B.8.4. Les travaux préparatoires font apparaître qu'en adoptant l'article 63, le législateur décrétal entendait établir, sur la base de ce lien direct, une présomption de neutralité en ce qui concerne la destination du bien immobilier sur la base du plan d'exécution spatial : « Par ailleurs, les garanties offertes par le Code flamand de l'aménagement du territoire sont également reprises ici; il s'ensuit que, quelle que soit la disposition d'habilitation utilisée, il peut être fait usage de la neutralité planologique, mais uniquement dans la mesure où 1) l'expropriation tend à réaliser le plan d'exécution spatial et 2) la nouvelle destination spatiale a été établie définitivement au maximum cinq ans auparavant. En d'autres termes, il existe une présomption irréfragable de neutralité planologique si un plan d'expropriation mentionnant comme fondement juridique le Code flamand de l'aménagement du territoire ou le décret flamand du 25 avril 2014 relatif aux projets complexes est établi dans les cinq ans, quelle que soit l'instance expropriante. Pour le surplus, c'est évidemment le principe ordinaire de la neutralité de l'objectif qui s'applique.

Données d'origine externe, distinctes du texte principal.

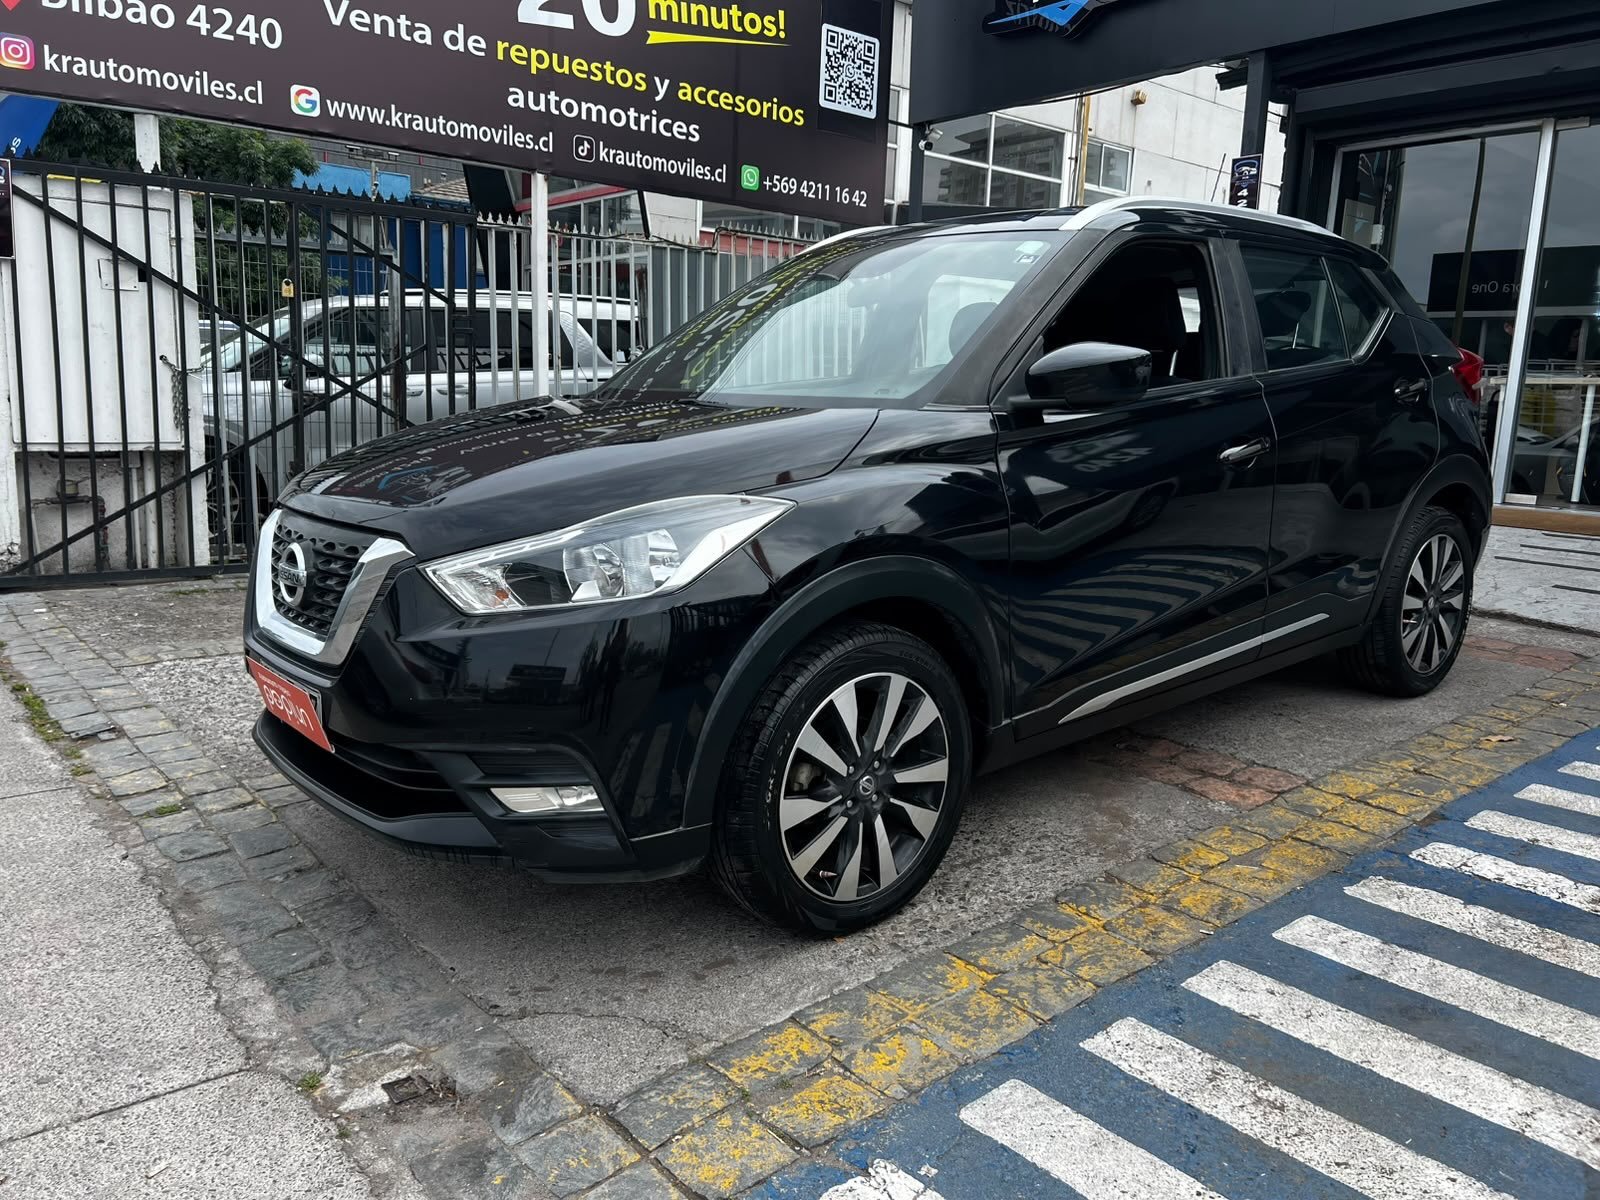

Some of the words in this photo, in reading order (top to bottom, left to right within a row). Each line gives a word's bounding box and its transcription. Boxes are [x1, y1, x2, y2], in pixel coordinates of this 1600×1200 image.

[41, 0, 176, 29] bao
[186, 4, 283, 50] 4240
[647, 0, 786, 39] minutos!
[43, 44, 263, 105] krautomoviles.cl
[324, 0, 432, 46] Venta
[443, 23, 487, 57] de
[496, 40, 646, 92] repuestos
[653, 76, 670, 102] y
[677, 82, 805, 126] accesorios
[326, 98, 553, 153] www.krautomoviles.cl
[507, 87, 700, 142] automotrices
[599, 140, 727, 183] krautomoviles.cl
[762, 174, 798, 196] +569
[800, 179, 831, 201] 4211
[835, 186, 850, 205] 16
[851, 189, 867, 208] 42
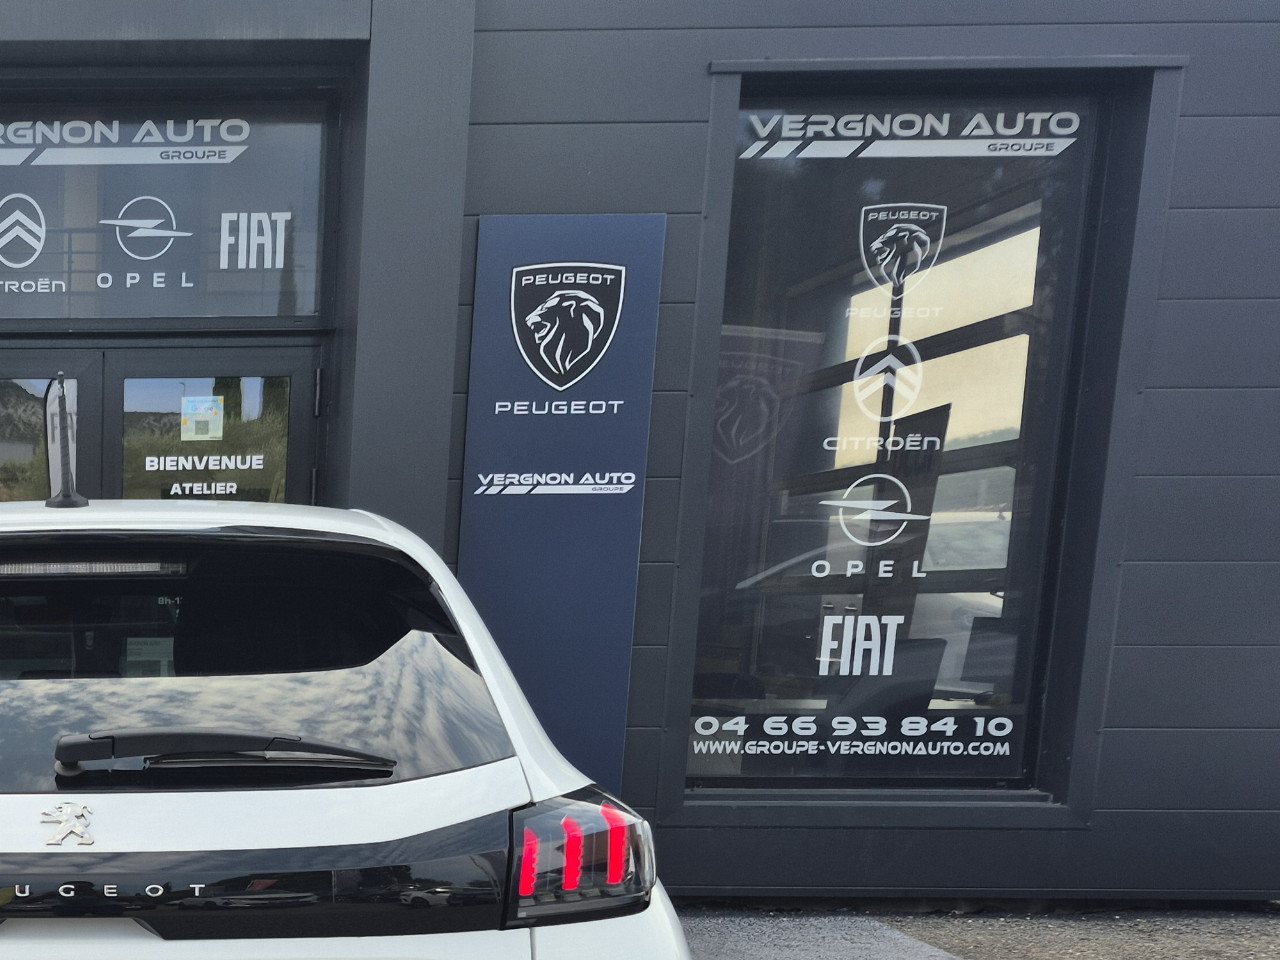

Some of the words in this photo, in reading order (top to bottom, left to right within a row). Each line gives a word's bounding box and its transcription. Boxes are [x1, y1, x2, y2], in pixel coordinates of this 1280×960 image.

[132, 118, 251, 144] AUTO
[750, 113, 950, 138] VERGNON
[960, 111, 1081, 136] AUTO
[160, 150, 227, 160] GROUPE
[987, 143, 1055, 152] GROUPE
[868, 210, 940, 221] PEUGEOT
[220, 212, 291, 269] FIAT
[97, 272, 194, 288] OPEL
[521, 273, 616, 286] PEUGEOT
[845, 306, 944, 318] PEUGEOT
[494, 400, 624, 415] PEUGEOT
[145, 455, 264, 471] BIENVENUE
[477, 473, 574, 485] VERGNON
[579, 472, 636, 485] AUTO
[170, 482, 238, 496] ATELIER
[811, 560, 927, 578] OPEL
[819, 615, 905, 676] FIAT
[694, 716, 749, 736] 04
[762, 716, 818, 736] 66
[831, 716, 887, 736] 93
[900, 716, 957, 736] 84
[973, 717, 1014, 737] 10
[693, 740, 1010, 756] WWW.GROUPE-VERGNONAUTO.COM

L'exproprié dispose donc de garanties suffisantes quant au fait que le principe de la neutralité planologique ne pourra être appliqué que moyennant le respect de conditions claires » (Doc. parl., Parlement flamand, 2016-2017, n° 991/1, p. 89).

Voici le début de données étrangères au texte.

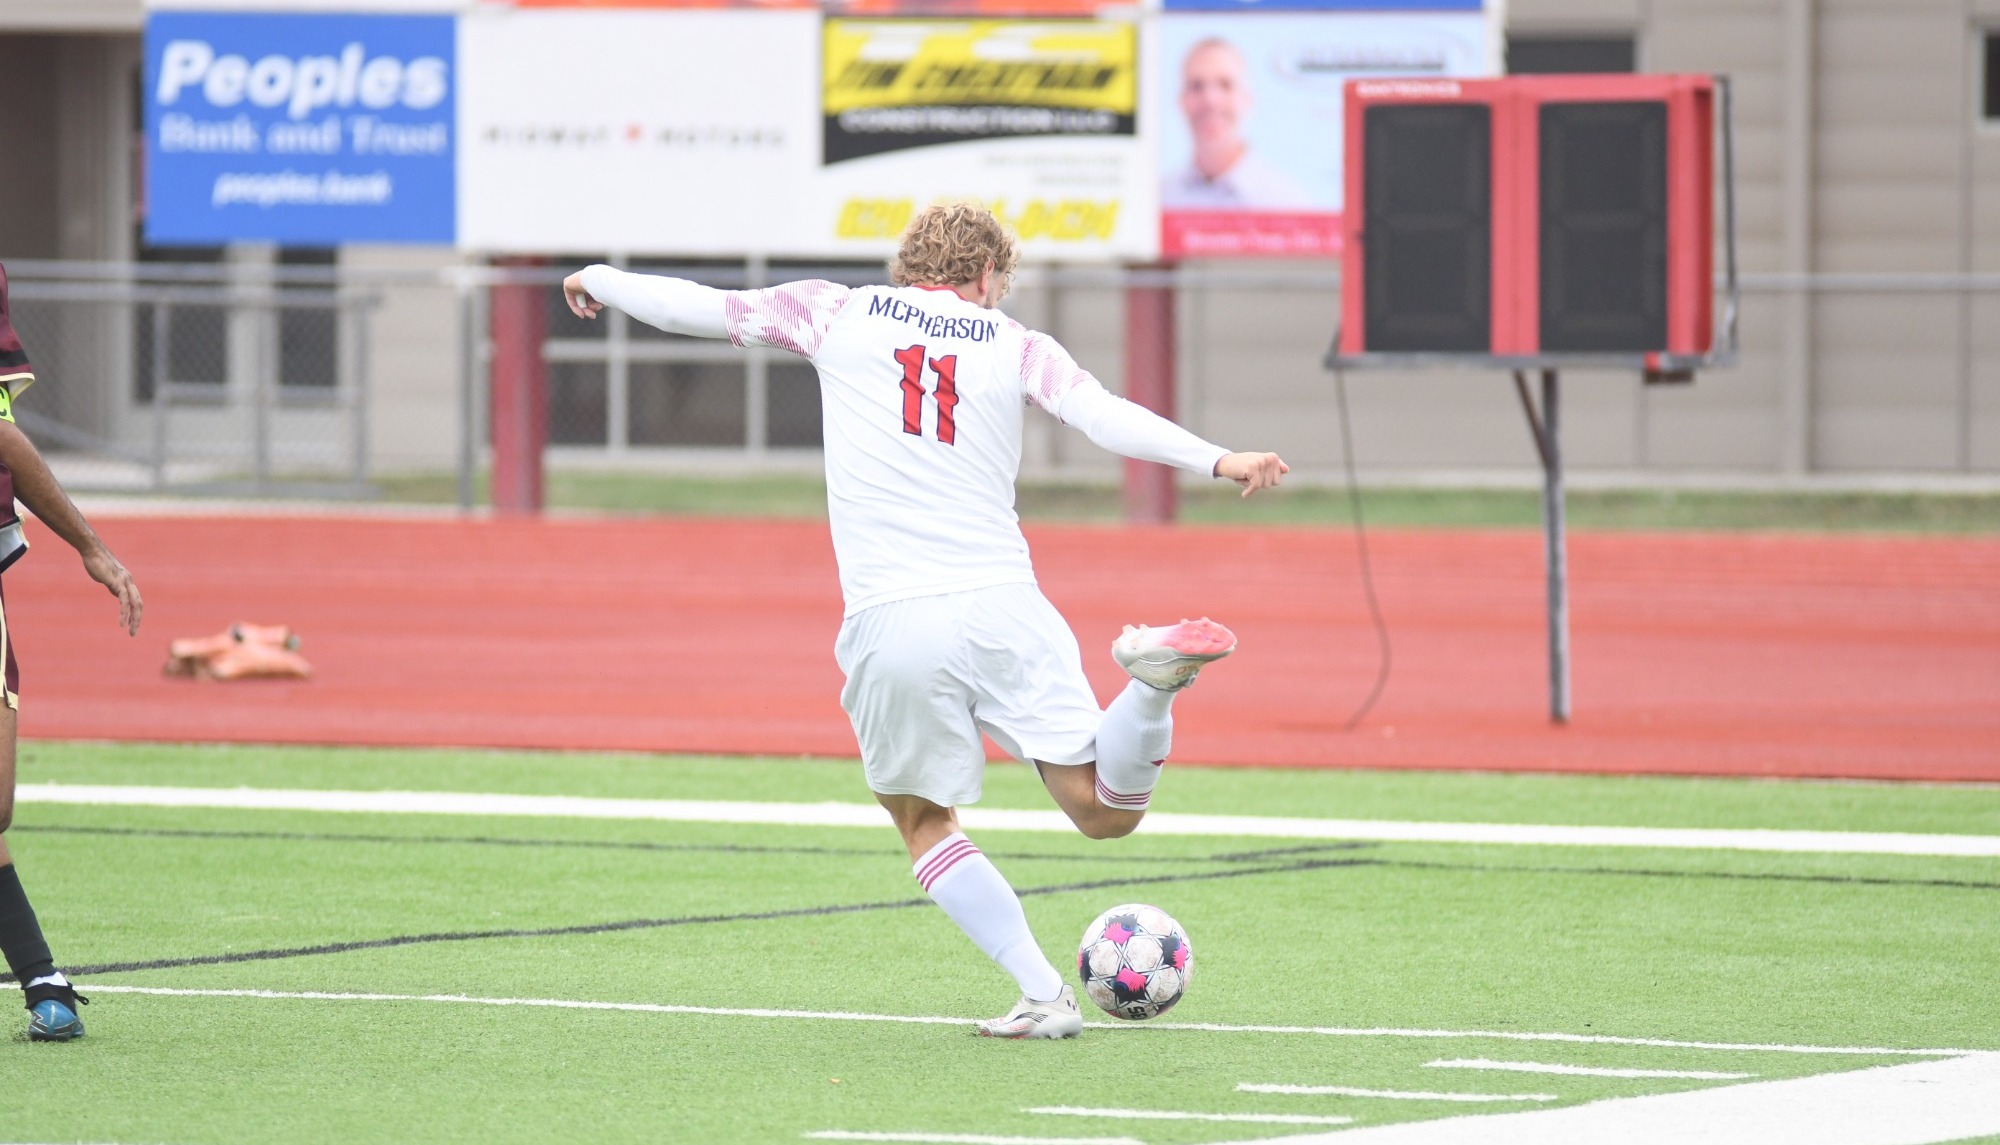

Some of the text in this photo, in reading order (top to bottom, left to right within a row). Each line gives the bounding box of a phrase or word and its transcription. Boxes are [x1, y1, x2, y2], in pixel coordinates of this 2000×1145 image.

B.8.5. La différence de traitement en cause repose sur un critère objectif, à savoir l'objectif de l'expropriation, qui consiste à réaliser ou non un plan d'exécution spatial ou un plan d'aménagement, un arrêté relatif à la préférence ou un arrêté relatif au projet.

B.8.6. Le critère distinctif est pertinent, eu égard aux objectifs définis. La neutralité planologique, telle qu'elle est visée à l'article 63, est une forme spécifique de la neutralité de l'objectif, visée à l'article 62, et est dictée par le lien direct existant entre la réalisation d'un plan d'exécution spatial ou un plan d'aménagement, un arrêté relatif à la préférence ou un arrêté relatif au projet, et la cause de la modification de la valeur du bien à exproprier.

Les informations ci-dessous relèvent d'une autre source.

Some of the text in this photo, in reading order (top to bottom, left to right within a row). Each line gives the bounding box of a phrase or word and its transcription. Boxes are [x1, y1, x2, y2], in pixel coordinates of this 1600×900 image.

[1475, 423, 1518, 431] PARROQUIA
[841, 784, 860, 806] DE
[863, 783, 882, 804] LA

B.8.7. L'aménagement du territoire en Région flamande est axé sur un développement spatial durable, dans le cadre duquel l'espace disponible est géré au profit de la présente génération, sans pour autant compromettre les besoins des générations futures. A cet effet, les besoins spatiaux des différentes activités sociales sont simultanément mis en balance. La portée spatiale, l'impact environnemental et les conséquences culturelles, économiques, esthétiques et sociales sont pris en compte. Le but est ainsi d'optimiser la qualité spatiale (article 1.1.4 du Code flamand de l'aménagement du territoire).

Le législateur décrétal dispose d'un large pouvoir d'appréciation pour définir sa politique en matière d'urbanisme et d'aménagement du territoire. Il n'est pas manifestement déraisonnable que, pour renforcer l'exécution des plans d'aménagement du territoire, le législateur décrétal ait limité dans le temps l'application de la « neutralité planologique » et qu'il ne l'ait pas fait en ce qui concerne l'application de la « neutralité de l'objectif ».

B.8.8. Le cinquième moyen n'est pas fondé.

Par ces motifs, la Cour rejette le recours.

Ainsi rendu en langue néerlandaise, en langue française et en langue allemande, conformément à l'article 65 de la loi spéciale du 6 janvier 1989 sur la Cour constitutionnelle, le 18 octobre 2018.